[Start of section]
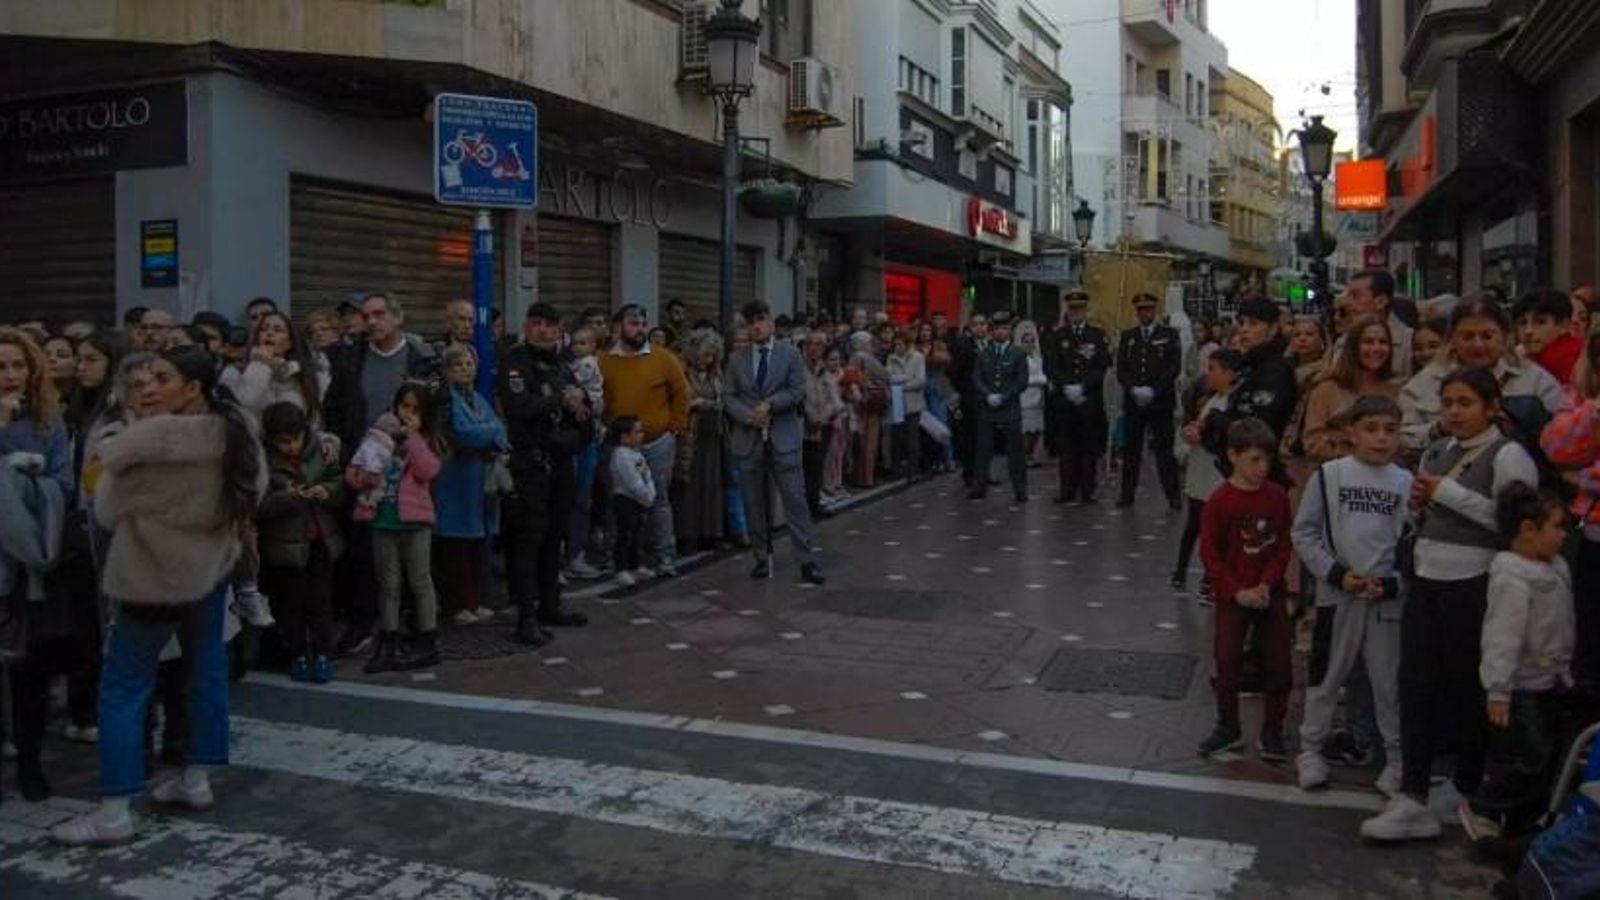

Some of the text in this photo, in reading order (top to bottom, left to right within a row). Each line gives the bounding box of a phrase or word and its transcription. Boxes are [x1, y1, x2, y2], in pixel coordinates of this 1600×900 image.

[18, 97, 151, 137] BARTOLO
[539, 163, 670, 228] ARTOLO
[1337, 195, 1382, 207] orange
[1339, 486, 1401, 509] STRANGER
[1348, 501, 1393, 516] THINGS
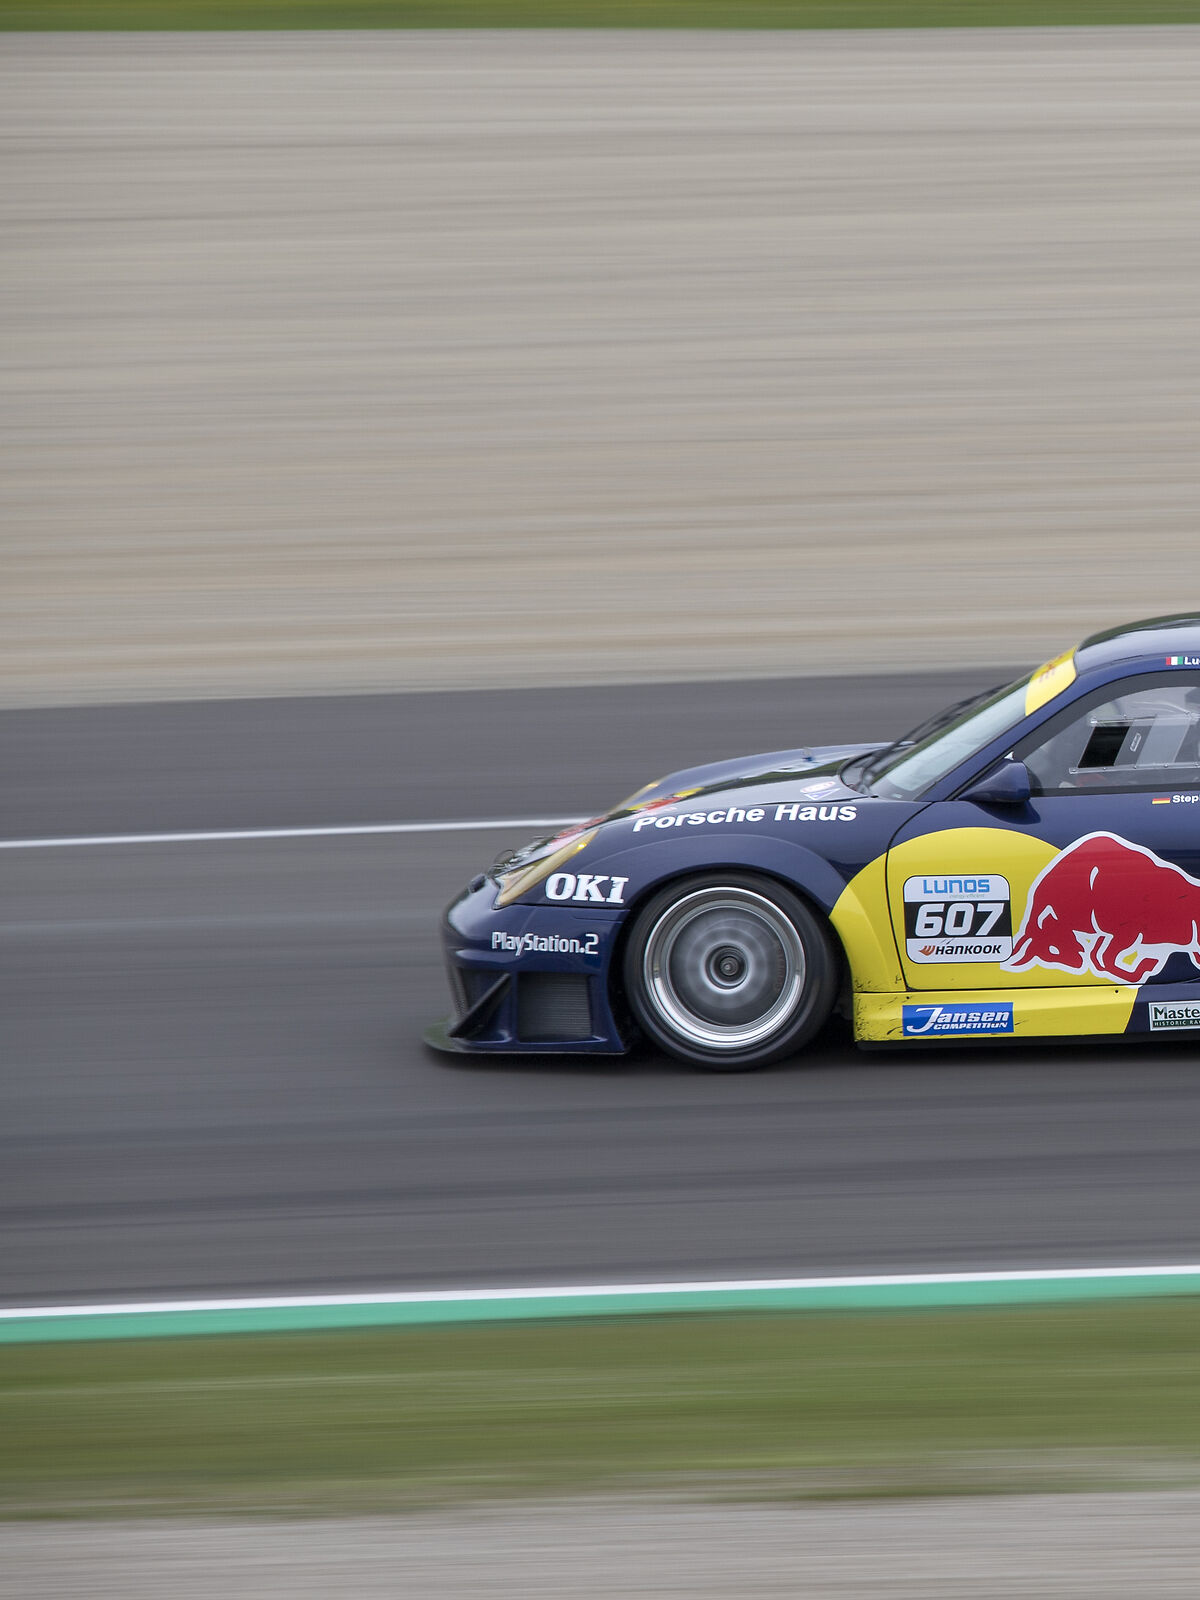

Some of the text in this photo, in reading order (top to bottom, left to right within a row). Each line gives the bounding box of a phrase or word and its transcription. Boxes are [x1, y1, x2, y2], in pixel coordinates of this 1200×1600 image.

[633, 803, 857, 832] Porsche Haus
[545, 873, 630, 904] OKI
[923, 879, 990, 894] LUNOS
[915, 902, 1005, 937] 607
[906, 1007, 1010, 1033] Jansen
[933, 1021, 1009, 1030] COMPETITION
[End of section]
Give the entries again, exactly and in full, with no image included.

Some of the text in this photo, in reading order (top to bottom, left to right within a row). Each line gives the bounding box of a phrase or word and its transcription. Boxes are [x1, y1, x2, y2], in pixel coordinates of this 1600×900 image.

[18, 97, 151, 137] BARTOLO
[539, 163, 670, 228] ARTOLO
[1337, 195, 1382, 207] orange
[1339, 486, 1401, 509] STRANGER
[1348, 501, 1393, 516] THINGS

Some of the text in this photo, in reading order (top to bottom, left to right within a row). Each line gives the bounding box of a phrase or word and its transcription. Boxes are [x1, y1, x2, y2], in pixel coordinates of this 1200×1600 image.

[633, 803, 857, 832] Porsche Haus
[545, 873, 630, 904] OKI
[923, 879, 990, 894] LUNOS
[915, 902, 1005, 937] 607
[906, 1007, 1010, 1033] Jansen
[933, 1021, 1009, 1030] COMPETITION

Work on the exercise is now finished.